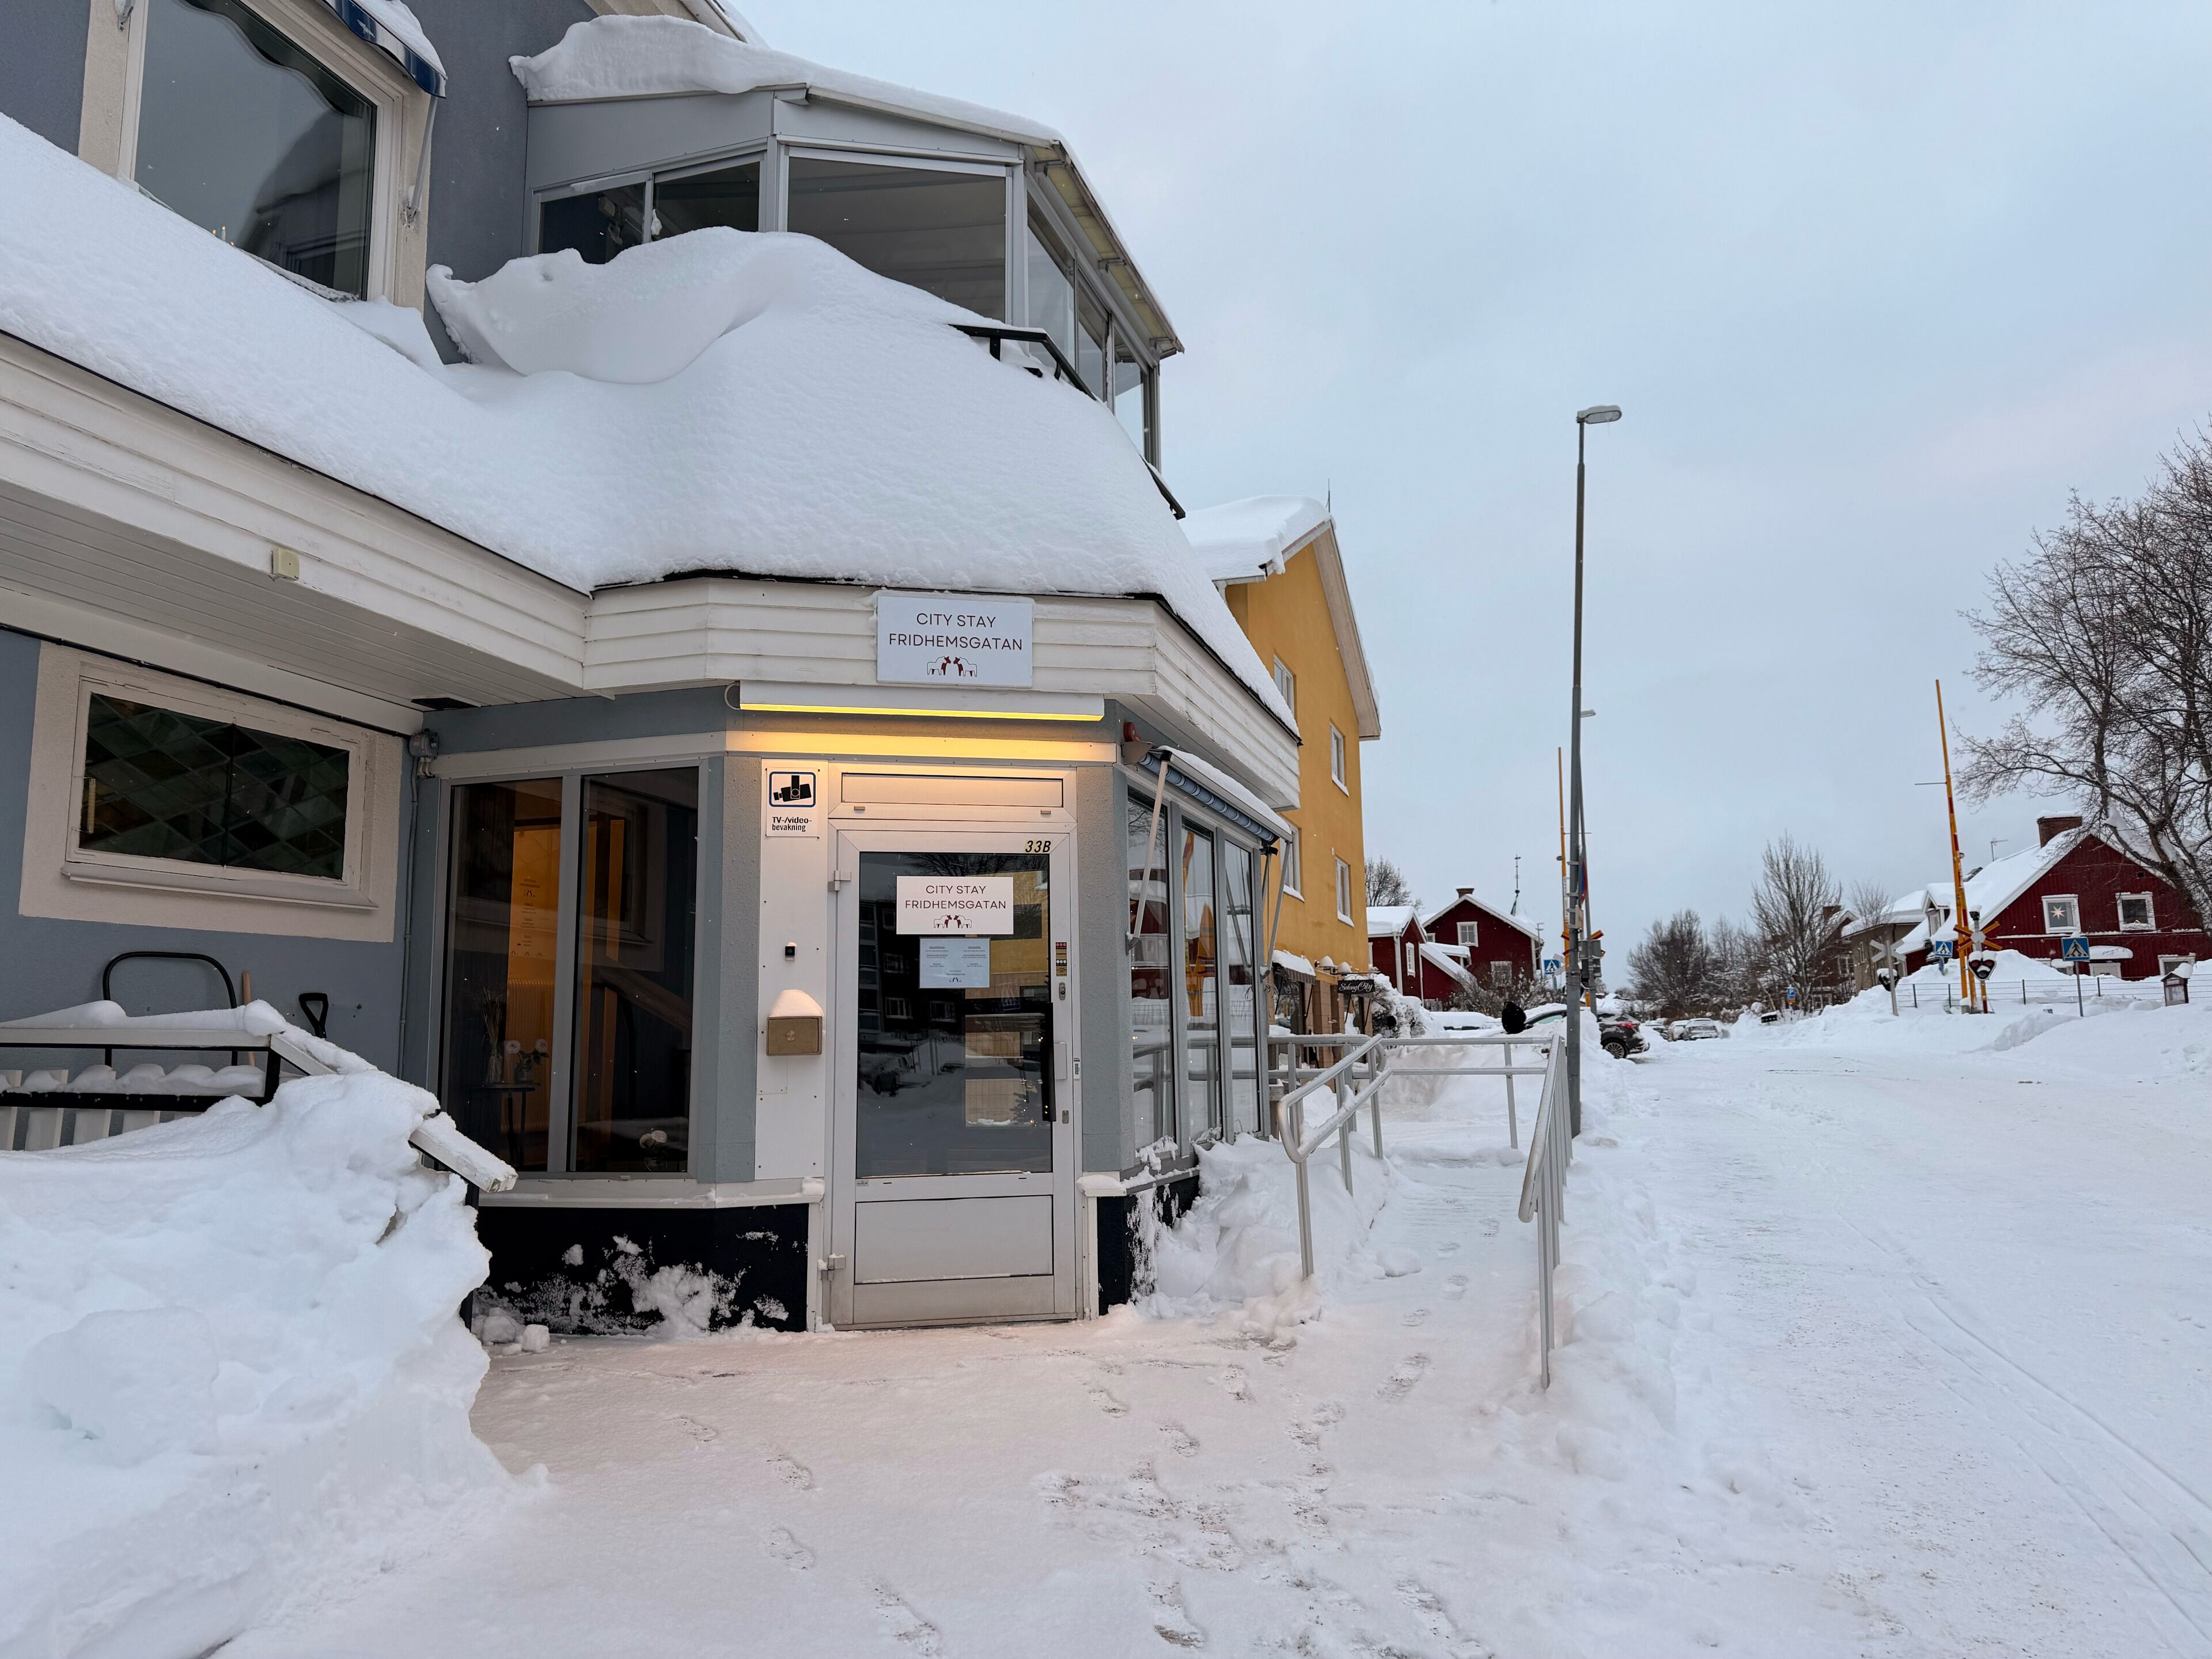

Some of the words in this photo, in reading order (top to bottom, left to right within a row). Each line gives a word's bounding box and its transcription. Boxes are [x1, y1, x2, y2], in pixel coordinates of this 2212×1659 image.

[916, 613, 952, 626] CITY
[957, 615, 996, 628] STAY
[889, 633, 1022, 650] FRIDHEMSGATAN
[772, 824, 806, 832] bevakning
[1025, 840, 1051, 853] 33B
[926, 885, 953, 894] CITY
[956, 885, 986, 894] STAY
[905, 900, 1006, 909] FRIDHEMSGATAN

---+---

#### [Exercise instructions]
None of the pictures should appear; repeat the records exactly otherwise.

#### [Output of the task]
Some of the words in this photo, in reading order (top to bottom, left to right within a row). Each line gives a word's bounding box and its transcription. Boxes are [x1, y1, x2, y2], in pixel coordinates of this 2212×1659 image.

[916, 613, 952, 626] CITY
[957, 615, 996, 628] STAY
[889, 633, 1022, 650] FRIDHEMSGATAN
[772, 824, 806, 832] bevakning
[1025, 840, 1051, 853] 33B
[926, 885, 953, 894] CITY
[956, 885, 986, 894] STAY
[905, 900, 1006, 909] FRIDHEMSGATAN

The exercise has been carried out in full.